What mass of iodine is produced when 7.1 g of chlorine reacts with potassium iodide?

Question

Wyatt Atkins · Accepted Answer

We need a stoichiometric equation.............and predict that approx. #25*g# of #I_2# will result.............

#Cl_2(aq) + 2KI(aq) rarr I_2(s) + 2KCl(aq)# It is important to remember the balanced equation, which states that one equiv of diiodine is produced from one equiv of dichlorine. You will need to learn that fluorine is a stronger oxidant than chlorine (in fact, it is the strongest oxidant ever), that bromine is a stronger oxidant than iodine, and that chlorine is a stronger oxidant than fluorine. Because the valence electron of the lower halogen has a higher valence shell than the upper halogen, it tends to be donated to the halogen above it, reducing the upper halogen and OXIDIZING the starting halogen. This is why the halogen lower on the table is a stronger oxidant. We could use the redox half equation to demonstrate this: #1/2Cl_2(aq) + e^(-) rarr Cl^(-)(aq)# The iodide anion is, of course, the reductant and source of electrons: #I^(-) rarr 1/2I_2(s) + e^-# To finally get to your question, we have a molar quantity of #(7.1*g)/(70.9*g*mol^-1)# #=# #0.100*mol# of dichlorine gas.

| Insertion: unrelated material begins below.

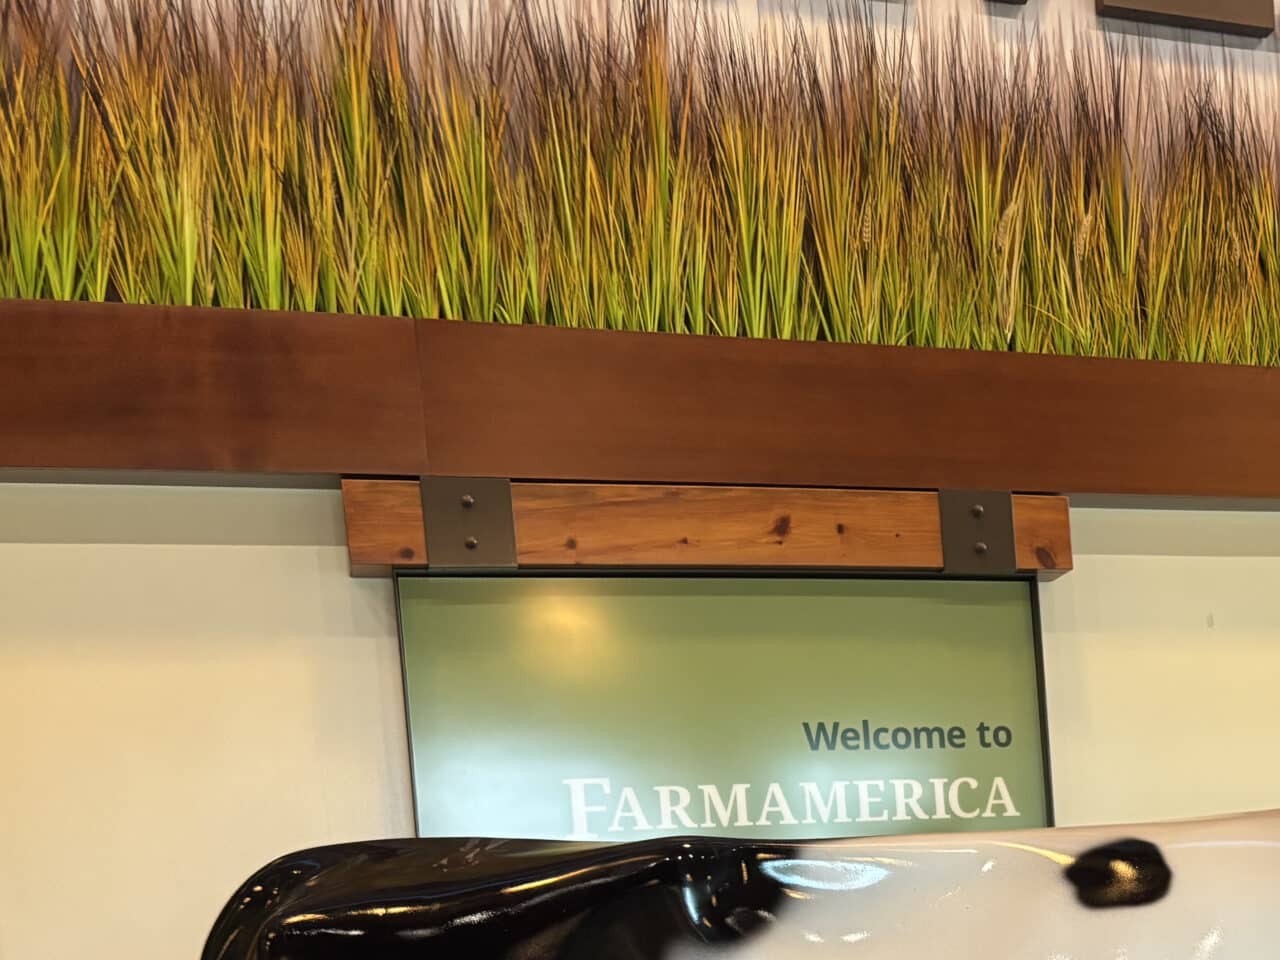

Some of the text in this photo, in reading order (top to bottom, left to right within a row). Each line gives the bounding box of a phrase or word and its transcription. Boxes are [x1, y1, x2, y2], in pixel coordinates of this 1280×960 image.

[802, 720, 1013, 751] Welcome to
[562, 776, 1021, 842] FARMAMERICA

And given the equation, we get a stoichiometric quantity of #I_2#, i.e. #2xx126.9*g*mol^-1xx0.100*mol~=25*g#

Jeremiah Adams · Answer

undefined To find the mass of iodine produced when 7.1 g of chlorine reacts with potassium iodide, we need to first write the balanced chemical equation for the reaction between chlorine and potassium iodide.

The balanced equation is:

Cl2 (g) + 2 KI (aq) → 2 KCl (aq) + I2 (s)

From the balanced equation, we can see that 1 mole of chlorine (Cl2) reacts with 2 moles of potassium iodide (KI) to produce 1 mole of iodine (I2).

Next, we need to calculate the number of moles of chlorine present in 7.1 g of chlorine using its molar mass, which is approximately 35.45 g/mol.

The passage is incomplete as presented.